I thought their was a Merchant Marine program for that. You are in a port town. You have to have some resources around there somewhere.


----------



## Minuteman (Dec 29, 2007)

electricista said:


> I apologize for my misstatement. I believe that question should have never been asked as it means nothing.


Accepted




> Answering the question is fine but *you* went beyond the question to vent *your* personal prejudices about blacks, women and almost Latinos. The latter two were not even mentioned. BTW, I have never seen a pink hardhat.


Re-read this whole thread, without _*your*_ prejudices. :blink:


----------



## Shado (Jan 1, 2009)

macmikeman said:


> That post sucked,...............


 :thumbsup:

Over 4 decades ago, I was taught this saying..."Don't blame the man, blame the parents."

It was explained as such.....'if ones parents are so dumb that they can't teach their children to know better, its not the persons fault...but..if the parents are intelligent, and dont teach the children to want to be a better person, treat others right, help others to better themselves, etc...then all they have shown is just how bad the parents are."
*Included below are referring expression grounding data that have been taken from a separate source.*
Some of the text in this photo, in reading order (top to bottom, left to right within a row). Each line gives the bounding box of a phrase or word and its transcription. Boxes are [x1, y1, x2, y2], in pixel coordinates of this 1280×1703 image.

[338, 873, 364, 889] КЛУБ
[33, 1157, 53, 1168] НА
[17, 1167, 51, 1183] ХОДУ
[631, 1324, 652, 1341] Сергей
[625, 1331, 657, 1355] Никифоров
Based on some of the statements posted....ignorance is alive and well!!Thats something to be proud of.....:no:


----------



## electricista (Jan 11, 2009)

Minuteman said:


> Re-read this whole thread, without _*your*_ prejudices. :blink:



I re read my post and I see that in my haste this morning I did not copy Megawatts post. It was his post not yours that I was referring to. Apologies again.
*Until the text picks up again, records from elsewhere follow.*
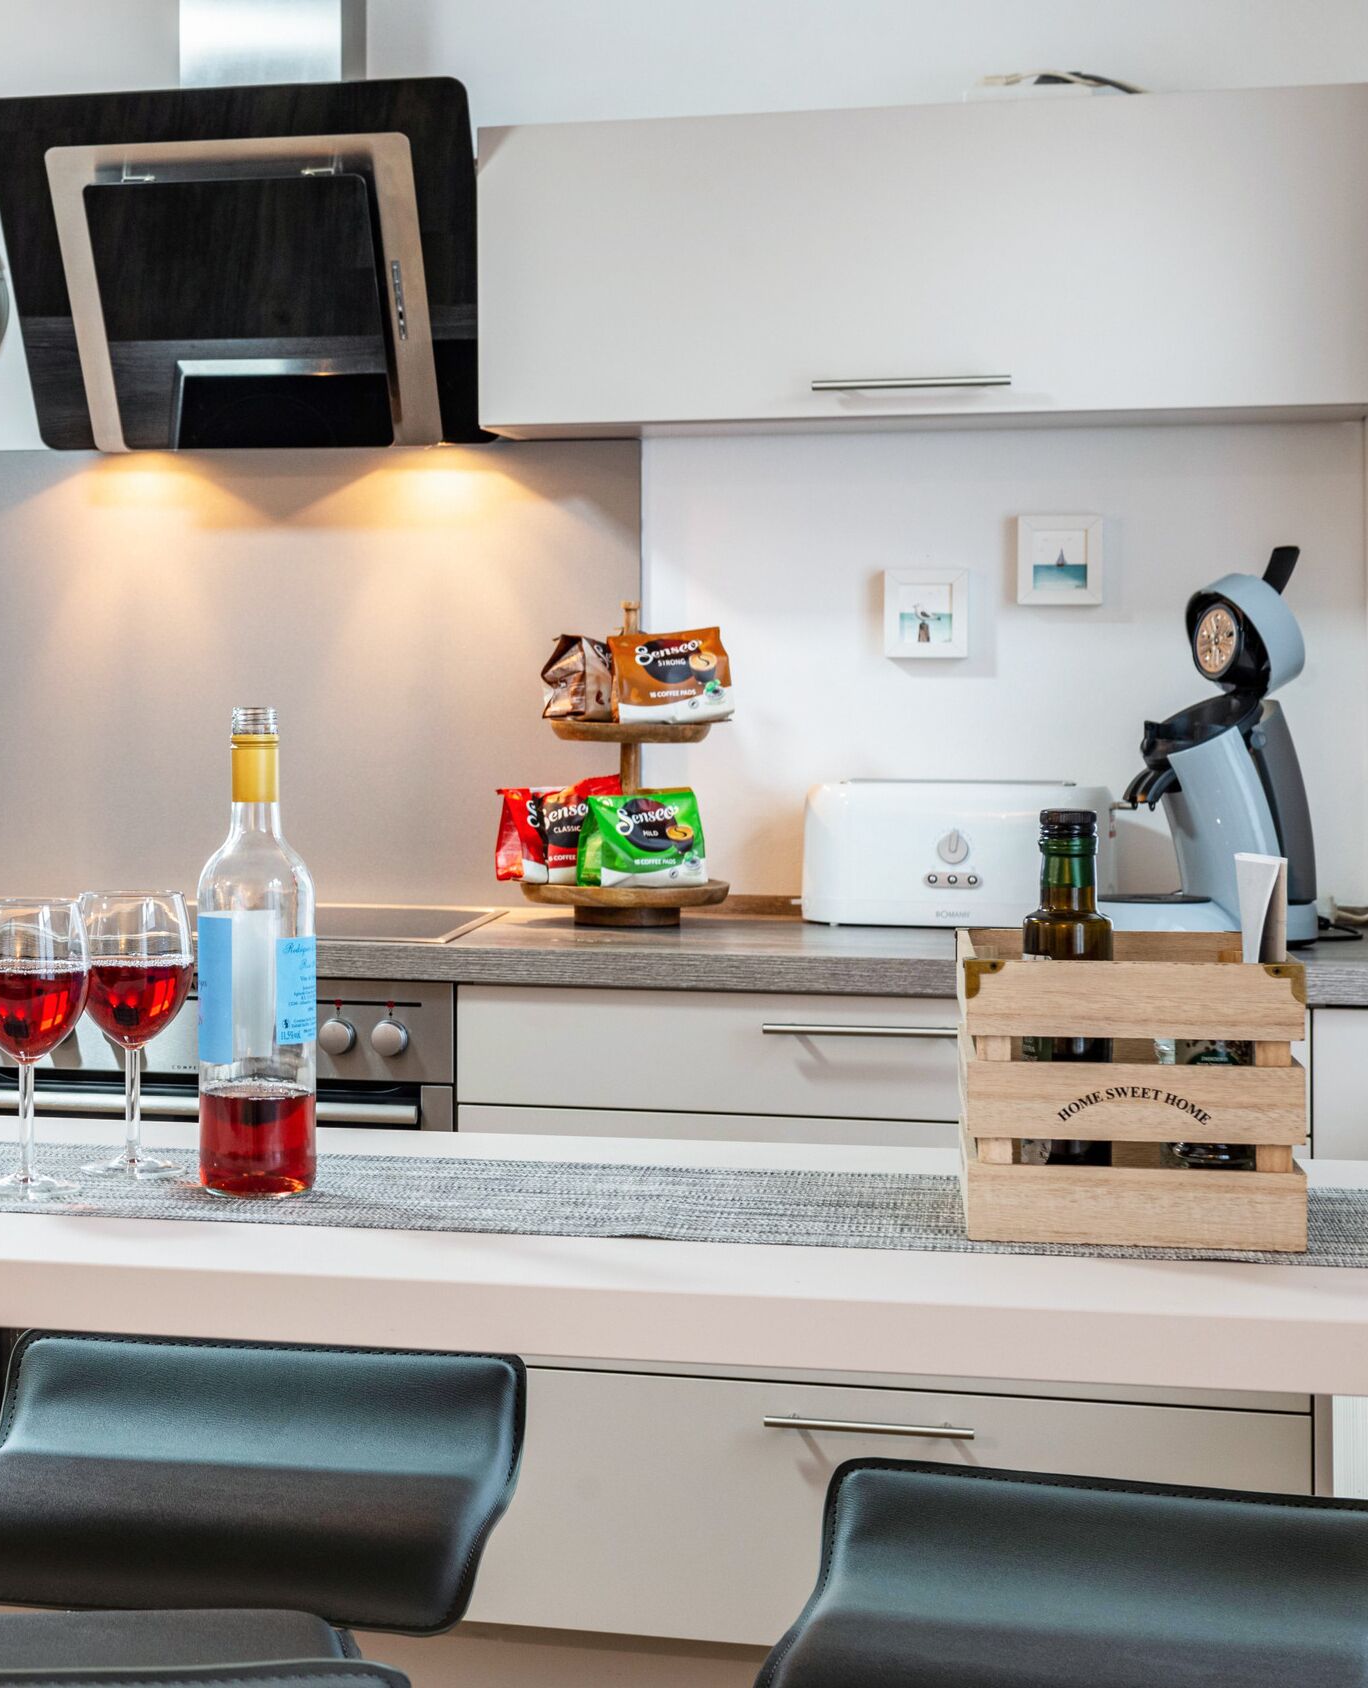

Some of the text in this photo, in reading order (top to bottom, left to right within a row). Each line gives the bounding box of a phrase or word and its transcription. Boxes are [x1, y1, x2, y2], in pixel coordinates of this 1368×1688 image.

[635, 639, 702, 666] Senseo
[657, 658, 686, 667] STRONG
[657, 690, 679, 698] COFFEE
[616, 804, 679, 836] Senseo
[553, 825, 582, 834] CLASSIC
[643, 829, 659, 837] MILD
[554, 854, 576, 862] COFFEE
[1057, 1086, 1212, 1126] HOME SWEET HOME
We all have prejudices this is not new to anyone as we are all human. Perhaps I am prejudice about prejudice-- guilty as charged.


----------



## ce2two (Oct 4, 2008)

I've worked with all races of electrician s :yes: for 30 years I have learned alot from many ....no bodys is great at every thing ,I will say no matter how much you think you know ,you can always learn something from others (THINK POSTIVE) the world is filled toooo many n e g a t i v e s, the more one listens, the more one can possibly learn...1/3 of all sparkys are arn't worth there weight :no: the rest are :thumbsup: :yes:


----------



## slowforthecones (Sep 13, 2008)

allright guys, I voiced a personal opinion. No offense and not directly directed at anyone here.


----------



## Minuteman (Dec 29, 2007)

electricista said:


> I re read my post and I see that in my haste this morning I did not copy Megawatts post. It was his post not yours that I was referring to. Apologies again.
> 
> We all have prejudices this is not new to anyone as we are all human.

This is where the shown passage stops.